Também é importante frisar que o declínio de um ritmo produtivo levando a
estagnação econômica, não significa que o nível de lucratividade e circulação financeira
possa entrar em colapso imediatamente!
Da mesma forma, os retrocessos nas relações de produção até se chegar a um
quadro de recessão, ampliam e aguçam sobremaneira todas as contradições da
sociedade capitalista, intensificam as lutas, expõem as reais condições de subordinação e
exploração e os interesses das classes sociais e aumentam as tensões sociais, mas isso
por si só, não significa que as possíveis rupturas acontecerão de modo imediato como
condições mecânicas de causa e efeito, aonde uma crise recessiva leva, inevitavelmente,
a uma crise política e social que, por sua vez, inevitavelmente, levará a uma ruptura com
todo o sistema.
Em todo contexto conjuntural é importante ressaltar os costumes e outros aspectos
locais que podem influenciar na tomada de postura e nas atitudes das pessoas. Esses
aspectos podem ser culturais ou religiosos e geralmente condicionam a priori, as
avaliações e os juízos de valor que as pessoas fazem sobre determinados
acontecimentos e estão presentes no senso comum de uma determinada sociedade.

Ator Político.
Um ator político é tudo aquilo que possa representar um poder de influência sobre
o restante da sociedade, em um determinado cenário e contexto.
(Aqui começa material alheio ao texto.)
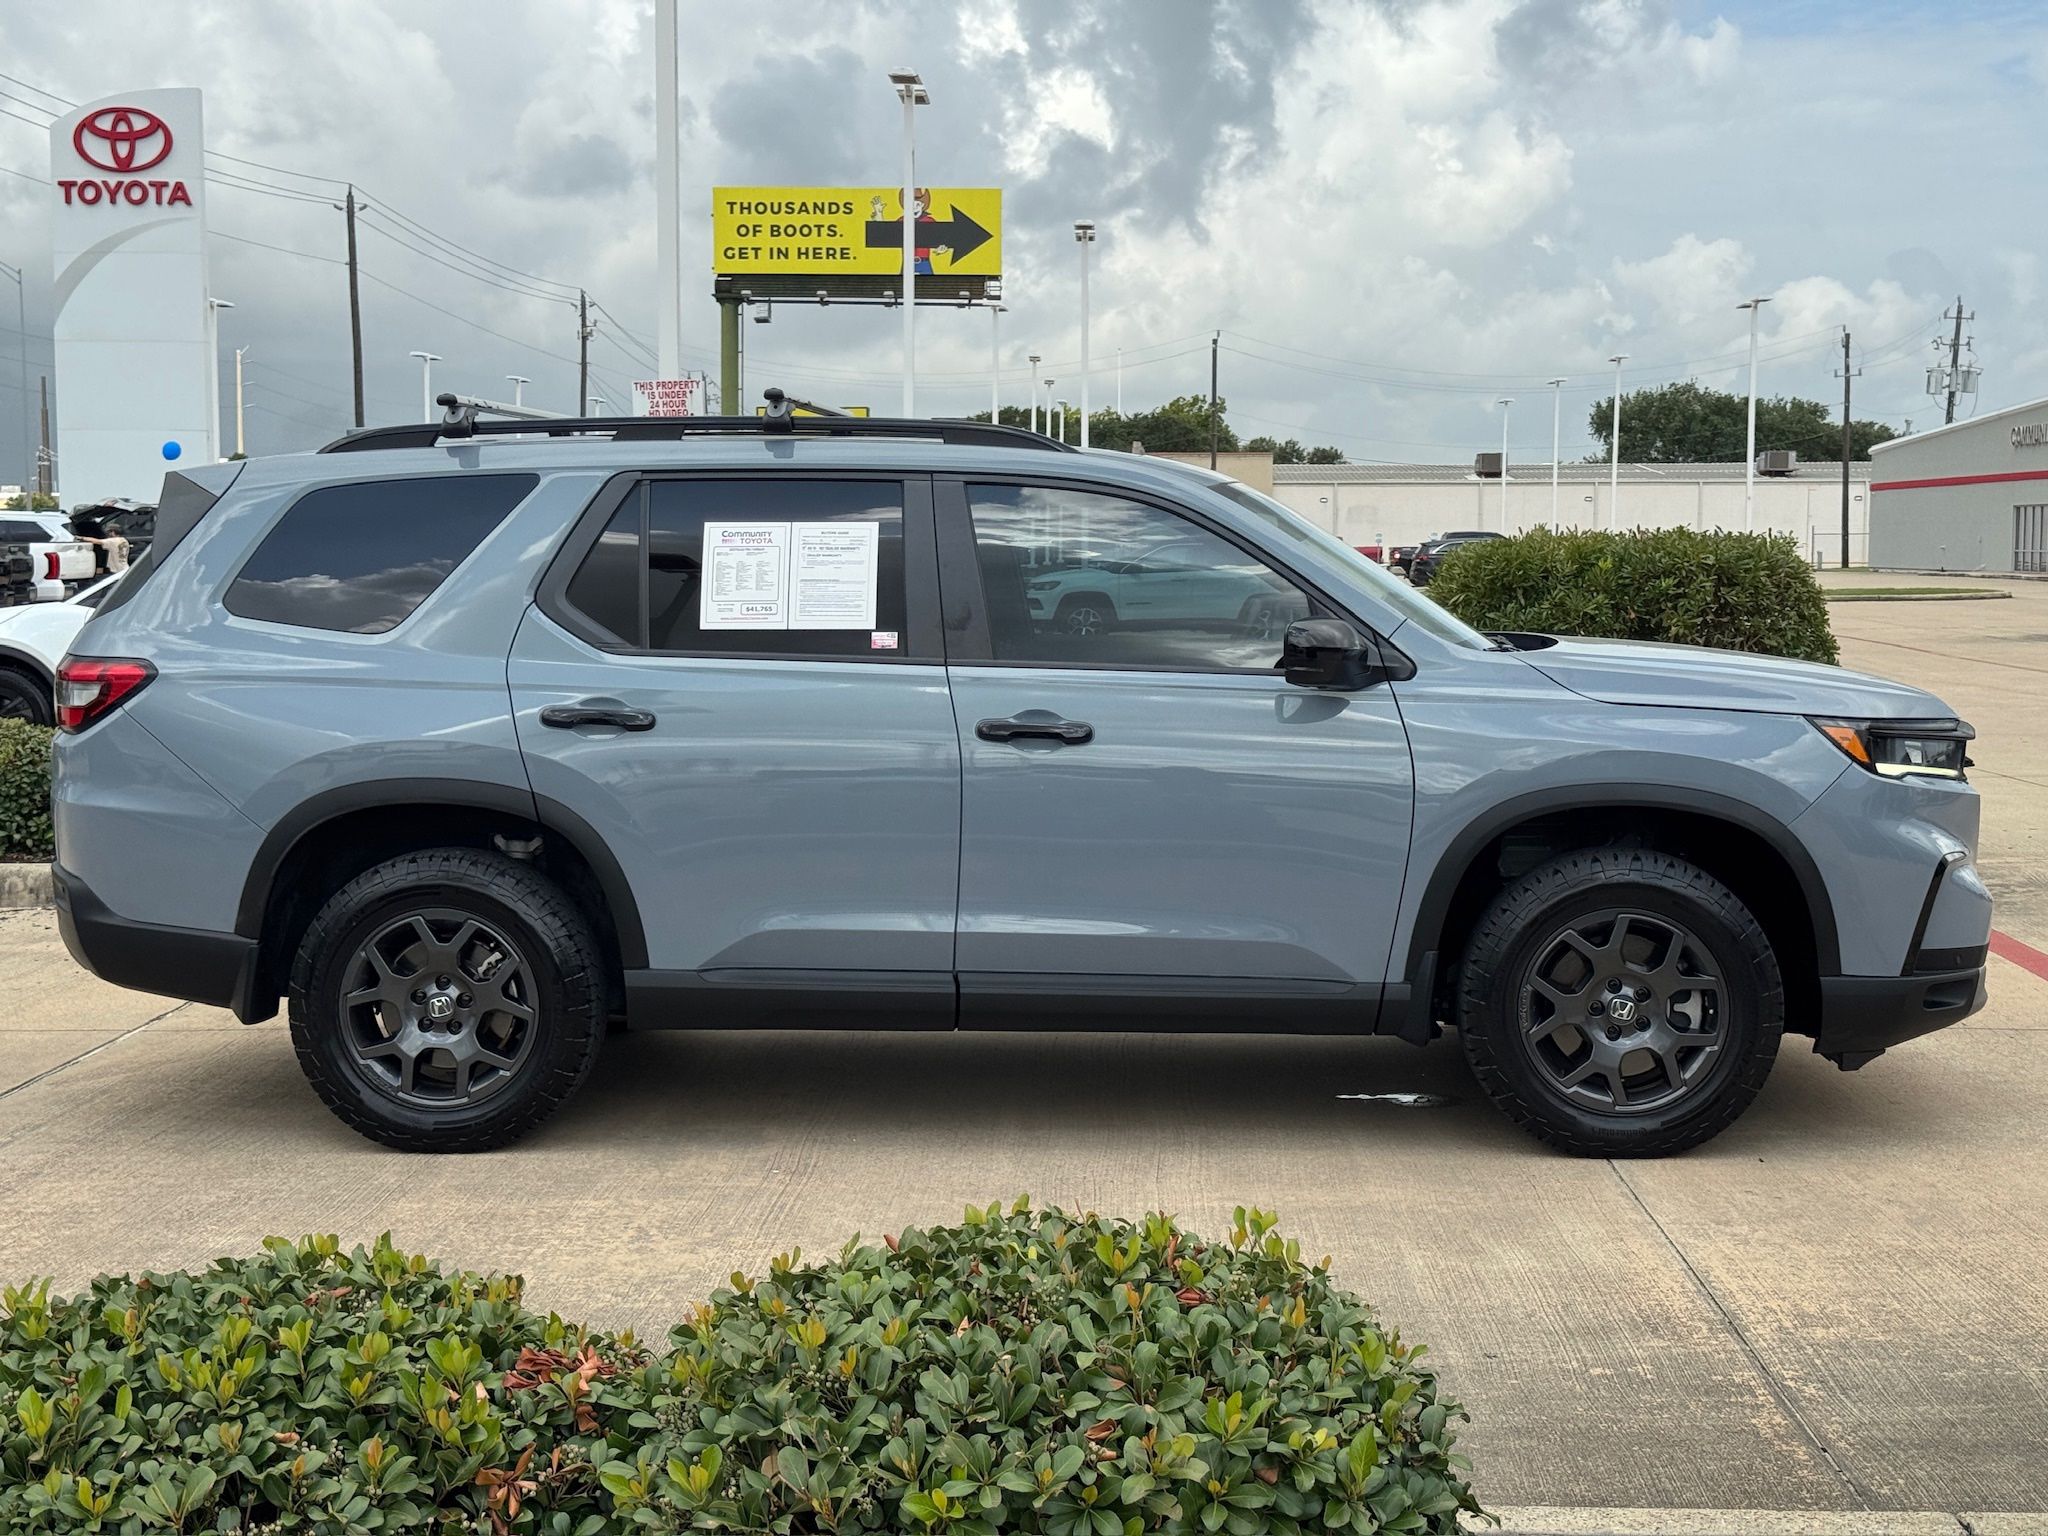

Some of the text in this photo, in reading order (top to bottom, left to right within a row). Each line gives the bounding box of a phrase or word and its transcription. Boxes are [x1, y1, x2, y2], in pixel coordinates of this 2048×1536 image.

É importante ressaltar que Poder aqui empregado deve ser entendido como a
capacidade ou a possibilidade de promover uma ação e de produzir efeitos desejados em
uma ou mais pessoas, estabelecendo dessa forma dois polos que se interagem em um
processo , muitas vezes de forma conflituosa, ou seja, o polo de quem exerce o Poder e
aquele sobre o qual o Poder é exercido.
Esse polo que exerce o Poder deve possuir força no sentido de potência. Isso
significa que a força aqui nem sempre deve ser entendida como força física, pode ate sê-
lo, mas nem toda força que possibilita relações de Poder são pautadas apenas pela força
física.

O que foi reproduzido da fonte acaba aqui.